L’autrice signe ici son deuxième ouvrage,, sorti cet été aux éditions Allary, après La dédicace, en 2019. Celle qui se définit comme une “écrivaine à temps partiel” nous embarque dans la vie quotidienne de Layla, que l’on suivra dans une narration à la première personne, une jeune femme immigrée, arrivée en France à la suite d’un terrible événement.

On n’apprendra jamais vraiment ce qui a poussé Layla a quitter le pays qu’elle appelle “Là-bas”, ni même le nom de cet endroit, son âge ou encore son nom de famille. Nous faisons la rencontre de Layla à l’instant où elle reçoit sa convocation pour être naturalisée, après des années passées à vivre dans un hôtel miteux faisant office de centre d’accueil, et à travailler à temps partiel dans un petit café délabré place de Ménilmontant.

L’utilisation du langage courant, voir familier, nous projette dans les pensées les plus immédiates du personnage principal et dans un quotidien sans atours, peuplé de désœuvrés : “la vieille qui vendait des roses moches s’est vite fait une réputation de folle”.

Les nombreuses répétitions et anaphores viennent appuyer les réflexions de Layla de façon percutante : “C’est toujours à l’oreille qu’on reconnaît le mieux les fous.
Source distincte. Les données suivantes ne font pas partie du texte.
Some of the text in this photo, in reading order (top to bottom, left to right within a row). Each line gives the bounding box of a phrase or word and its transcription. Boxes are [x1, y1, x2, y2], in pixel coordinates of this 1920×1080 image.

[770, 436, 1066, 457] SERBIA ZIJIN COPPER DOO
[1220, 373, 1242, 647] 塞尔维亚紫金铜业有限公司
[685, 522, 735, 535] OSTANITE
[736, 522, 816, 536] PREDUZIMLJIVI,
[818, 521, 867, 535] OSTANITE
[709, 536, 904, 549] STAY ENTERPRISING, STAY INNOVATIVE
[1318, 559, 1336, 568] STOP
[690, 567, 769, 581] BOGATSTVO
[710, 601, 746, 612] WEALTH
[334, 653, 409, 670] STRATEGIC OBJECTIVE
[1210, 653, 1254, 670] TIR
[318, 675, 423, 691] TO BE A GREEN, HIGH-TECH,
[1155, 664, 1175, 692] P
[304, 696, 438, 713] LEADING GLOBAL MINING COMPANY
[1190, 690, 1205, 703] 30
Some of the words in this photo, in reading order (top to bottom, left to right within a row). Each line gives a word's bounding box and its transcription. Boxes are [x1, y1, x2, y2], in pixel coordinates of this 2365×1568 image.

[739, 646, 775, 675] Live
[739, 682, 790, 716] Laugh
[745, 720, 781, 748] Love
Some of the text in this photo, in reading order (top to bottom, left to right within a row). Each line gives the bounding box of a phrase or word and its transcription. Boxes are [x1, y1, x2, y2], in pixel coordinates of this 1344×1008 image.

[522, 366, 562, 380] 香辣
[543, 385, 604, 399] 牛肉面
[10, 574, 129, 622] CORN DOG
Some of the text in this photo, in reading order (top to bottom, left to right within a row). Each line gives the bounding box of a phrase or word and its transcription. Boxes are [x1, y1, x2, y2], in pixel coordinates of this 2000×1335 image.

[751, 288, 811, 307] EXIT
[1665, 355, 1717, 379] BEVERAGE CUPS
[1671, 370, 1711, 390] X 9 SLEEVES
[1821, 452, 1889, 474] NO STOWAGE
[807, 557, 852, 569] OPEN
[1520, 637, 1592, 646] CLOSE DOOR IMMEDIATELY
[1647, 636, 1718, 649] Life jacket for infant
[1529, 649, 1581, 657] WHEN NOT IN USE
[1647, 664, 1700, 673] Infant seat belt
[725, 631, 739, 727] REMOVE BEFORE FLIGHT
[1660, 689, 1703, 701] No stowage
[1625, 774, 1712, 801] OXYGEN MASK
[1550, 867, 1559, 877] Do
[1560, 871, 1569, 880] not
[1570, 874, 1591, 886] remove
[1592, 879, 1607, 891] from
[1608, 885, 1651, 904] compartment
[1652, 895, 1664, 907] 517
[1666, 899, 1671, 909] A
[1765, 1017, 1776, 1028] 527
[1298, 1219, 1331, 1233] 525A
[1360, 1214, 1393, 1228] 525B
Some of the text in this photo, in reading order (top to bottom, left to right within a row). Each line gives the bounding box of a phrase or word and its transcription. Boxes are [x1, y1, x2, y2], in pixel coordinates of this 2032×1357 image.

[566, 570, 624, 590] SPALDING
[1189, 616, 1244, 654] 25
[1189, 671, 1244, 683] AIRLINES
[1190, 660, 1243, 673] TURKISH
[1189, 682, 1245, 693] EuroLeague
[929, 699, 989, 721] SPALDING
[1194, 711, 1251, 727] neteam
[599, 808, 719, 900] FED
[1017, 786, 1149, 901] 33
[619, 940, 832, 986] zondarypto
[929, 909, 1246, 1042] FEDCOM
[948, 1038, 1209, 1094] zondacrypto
Les fous disent qu’une barbe peut être un danger. Les fous disent qu’il faut changer de prénom pour s’intégrer. Les fous disent qu’on ne peut être français qu’en étant assimilé.”

On peut se demander qui, de Leïla l’autrice ou Layla la narratrice, s’adresse vraiment à nous au travers de cet ouvrage. La juste réponse se situe probablement à mi-chemin, l'autrice, de nationalité française et d’origine algérienne, s’étant inspirée de ses années passées à enseigner le français dans une association accueillant de jeunes réfugiés et de son expérience en tant que fille d’immigrés.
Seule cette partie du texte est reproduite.